═══ Input for this task

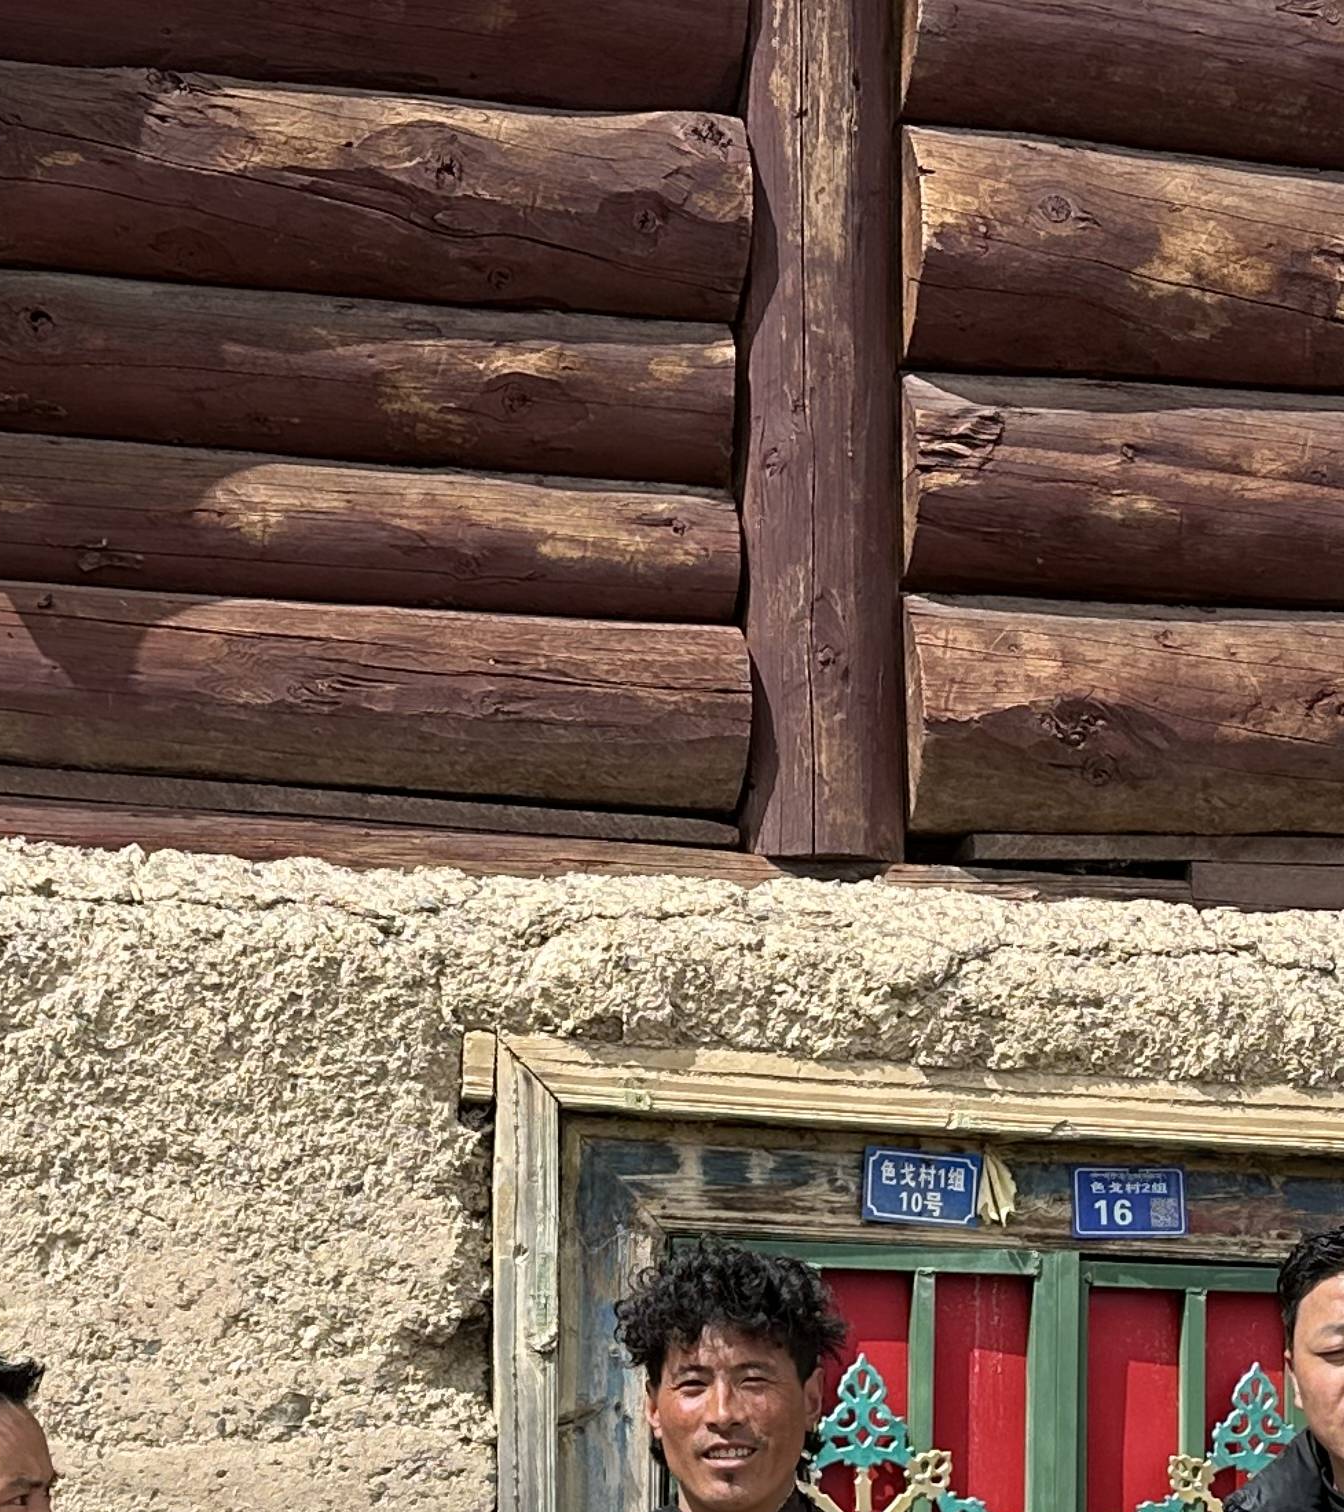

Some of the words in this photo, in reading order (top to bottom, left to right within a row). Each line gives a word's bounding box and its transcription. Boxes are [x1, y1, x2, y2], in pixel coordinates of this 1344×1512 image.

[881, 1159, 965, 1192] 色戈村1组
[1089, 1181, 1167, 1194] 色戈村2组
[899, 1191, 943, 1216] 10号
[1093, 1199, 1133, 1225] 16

══════

▶ [How to complete this task] Go through the entries above and write them out again exactly, images left behind.

▶ [Problem solution]
Some of the words in this photo, in reading order (top to bottom, left to right within a row). Each line gives a word's bounding box and its transcription. Boxes are [x1, y1, x2, y2], in pixel coordinates of this 1344×1512 image.

[881, 1159, 965, 1192] 色戈村1组
[1089, 1181, 1167, 1194] 色戈村2组
[899, 1191, 943, 1216] 10号
[1093, 1199, 1133, 1225] 16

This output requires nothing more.